El arte de decir "no"
Por Bernarda Jorba. Psicóloga
Se va construyendo desde el comienzo de la vida. Los límites deben estar presentes adaptando la forma según cada etapa del desarrollo. Se trata de guiar para construir un entorno seguro y predecible.
En nuestra cultura, la palabra "no" suele estar connotada negativamente. A menudo se la asocia con el egoísmo, falta de empatía o desinterés hacia los demás. Sin embargo, sabemos que la incapacidad de establecer límites claros es uno de los motores principales de la ansiedad, el agotamiento emocional y el resentimiento en las relaciones, entre otros factores. Los límites claros reducen la ansiedad infantil, donde el bebé sabe qué esperar de su entorno, otorgando así seguridad emocional; aprende a regular sus impulsos de forma natural. Desarrolla la tolerancia a la frustración y va construyendo una autoestima sólida. Conocer las reglas genera confianza en sus propias capacidades. El niño se siente seguro al explorar. Facilita la empatía y el respeto hacia los demás.

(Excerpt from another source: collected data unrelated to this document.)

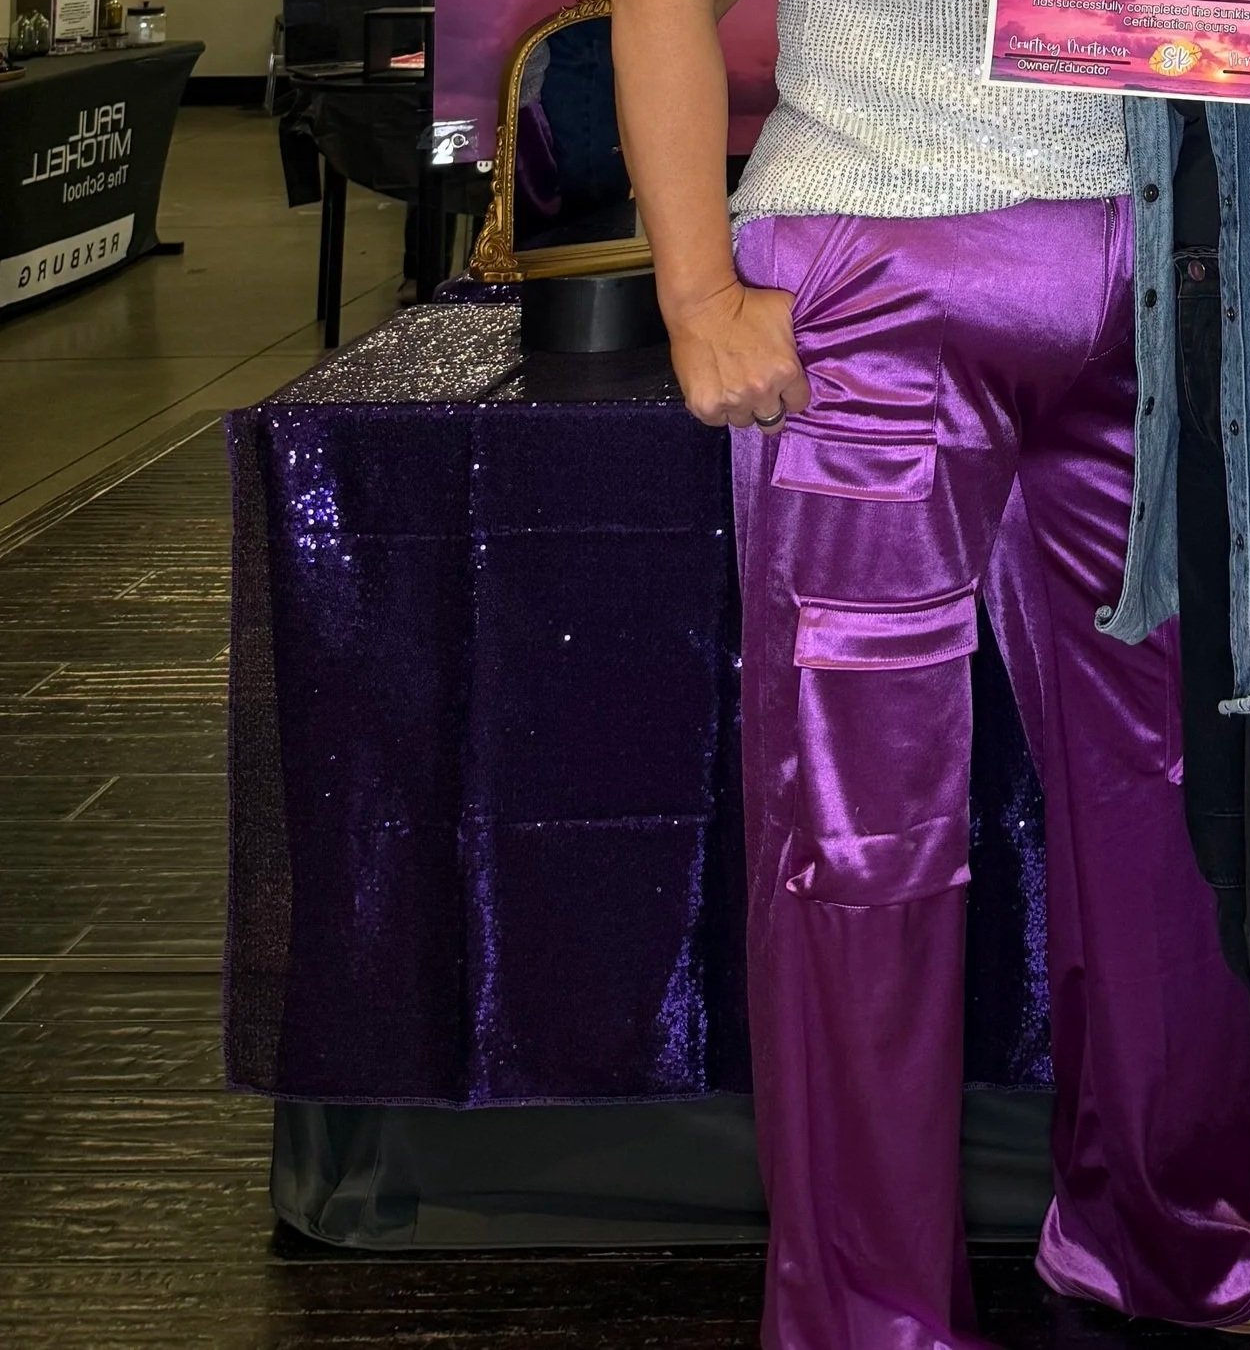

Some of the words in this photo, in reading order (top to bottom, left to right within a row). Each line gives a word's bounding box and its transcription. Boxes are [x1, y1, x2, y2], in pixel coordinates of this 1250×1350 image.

[1127, 2, 1190, 18] completed
[1191, 5, 1211, 17] the
[1123, 16, 1194, 31] Certification
[1195, 21, 1238, 34] Course
[1017, 59, 1111, 76] Owner/Educator

Mejora la convivencia en la escuela y el hogar.
Cada vez que decimos "sí" a otros queriendo decir "no", nos estamos diciendo "no" a nosotros mismos. Este comportamiento suele estar sostenido por creencias o distorsiones, como la necesidad de aprobación constante o el miedo irracional al conflicto y al rechazo. Pensamos: "Si digo que no, van a pensar que soy una mala persona" o "tengo que poder con todo". Estas ideas rígidas muchas veces suelen generar una culpa automática que nos empuja a postergar nuestras propias necesidades.

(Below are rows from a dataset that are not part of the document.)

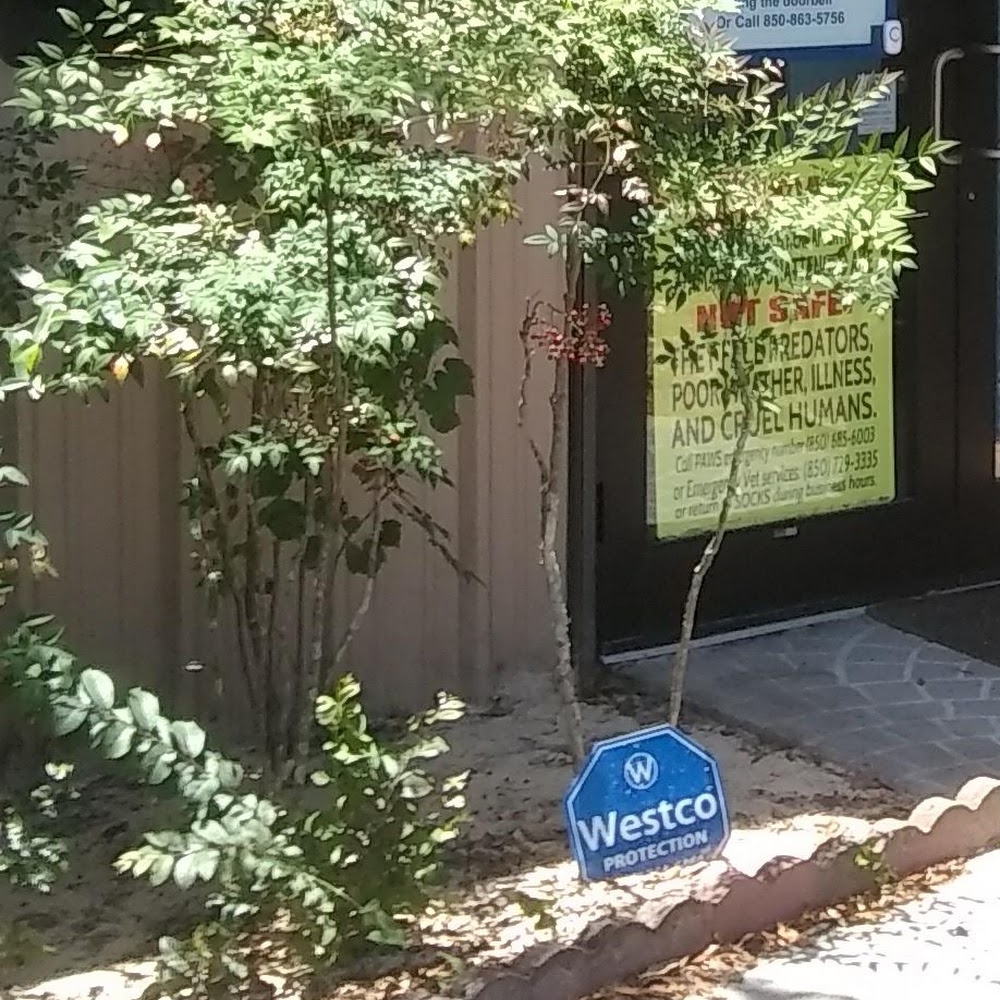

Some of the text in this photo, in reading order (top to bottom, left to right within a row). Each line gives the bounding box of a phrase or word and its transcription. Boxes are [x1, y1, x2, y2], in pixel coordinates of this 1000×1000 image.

[716, 12, 845, 29] Or Call 850-863-5756
[671, 356, 876, 412] POOR ATHER, ILLNESS,
[671, 414, 715, 449] AND
[789, 391, 878, 431] HUMANS.
[673, 485, 685, 501] or
[577, 793, 718, 851] Westco
[603, 829, 709, 873] PROTECTION
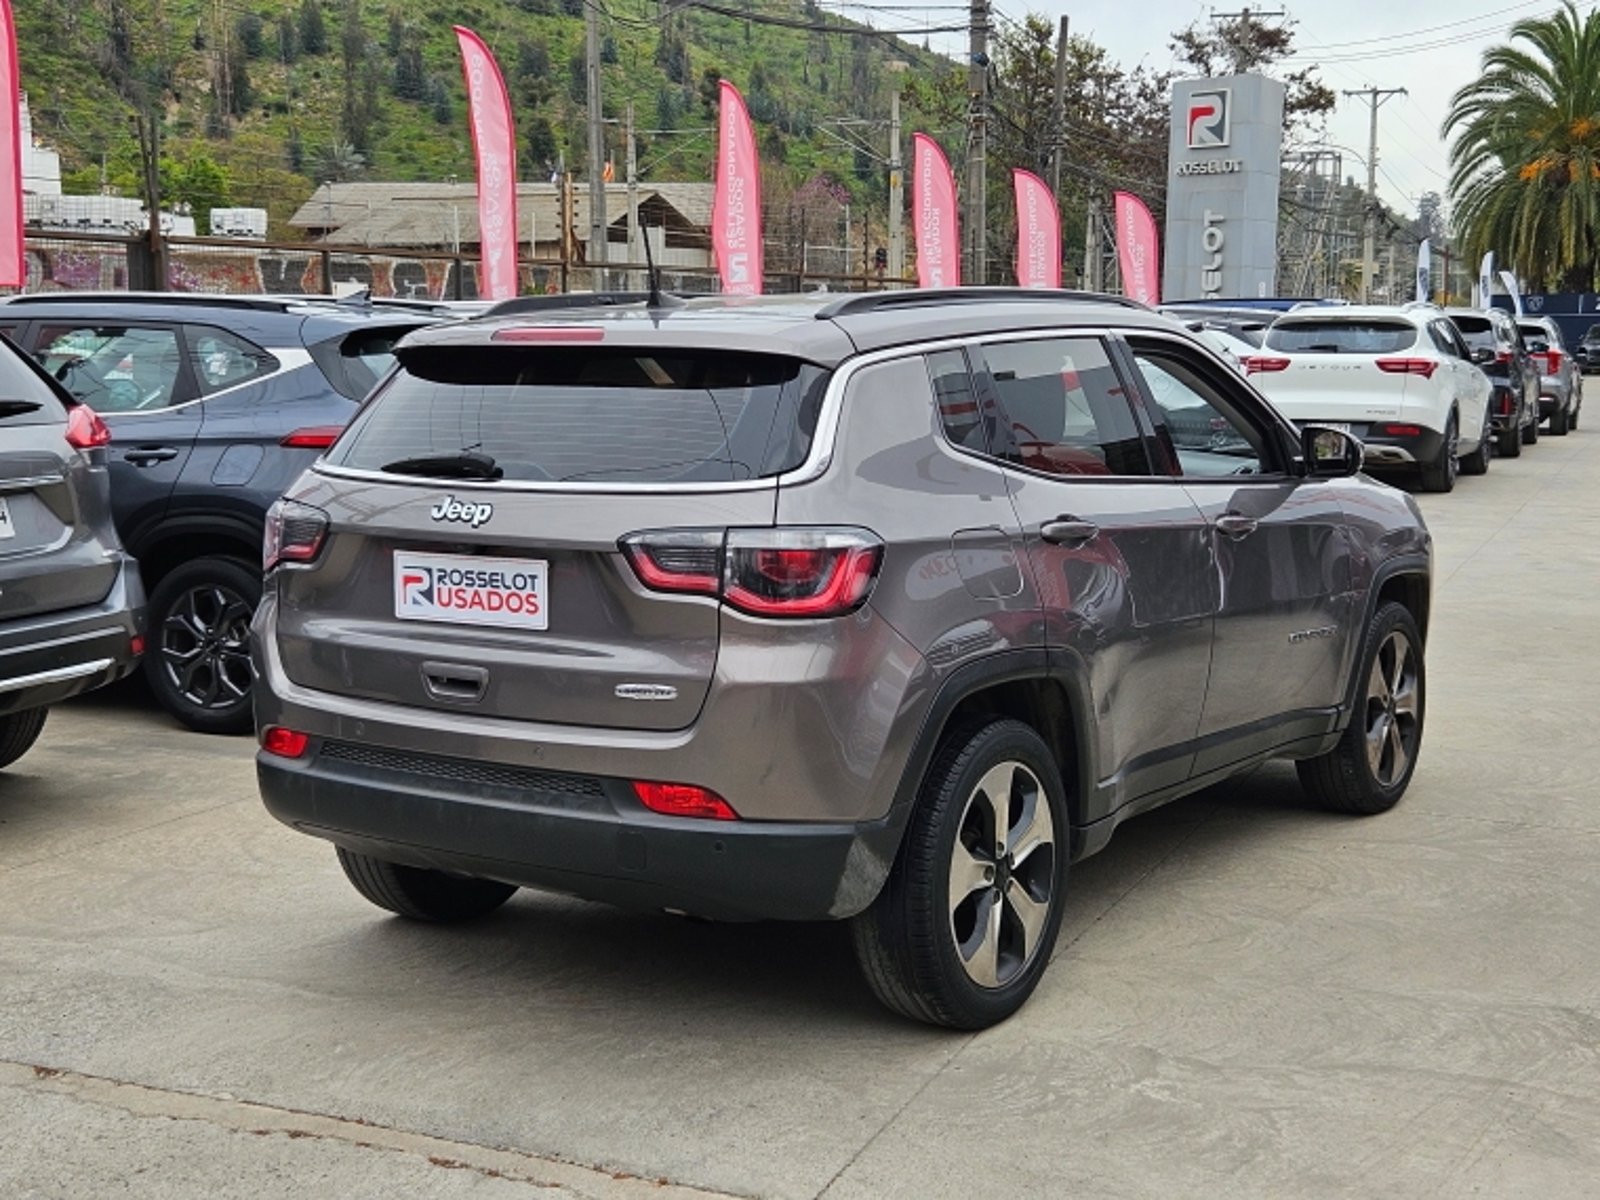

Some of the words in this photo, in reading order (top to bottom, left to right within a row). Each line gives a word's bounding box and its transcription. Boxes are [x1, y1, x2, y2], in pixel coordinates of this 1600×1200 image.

[1176, 159, 1241, 175] ROSSELOT
[430, 496, 493, 527] Jeep
[437, 567, 539, 592] ROSSELOT
[437, 588, 539, 615] USADOS

Establecer límites es construir un puente sano para vincularse; decir "no" de manera asertiva implica flexibilizar esos pensamientos exigentes y entender que nuestro tiempo, energía y bienestar emocional son recursos finitos que debemos proteger. Poner un límite es un acto de honestidad con uno mismo y con los demás.
El cambio es un proceso gradual. Comienza por registrar qué situaciones generan sobrecarga, cuestionar la culpa cuando aparece y ensayar respuestas directas pero amables. Priorizarse es la base fundamental de nuestra salud mental.
El miedo a decepcionar a los demás puede ser tan intenso, que la mayoría de las personas viven sus vidas aterrorizadas por lo que otros pensarán si dicen lo que piensan o si dicen 'no' a peticiones que en realidad no quieren hacer.
El hecho es que las personas que pueden comunicar sus pensamientos, opiniones y deseos con claridad son quienes en verdad llegan a tener éxito y alcanzan sus metas y objetivos.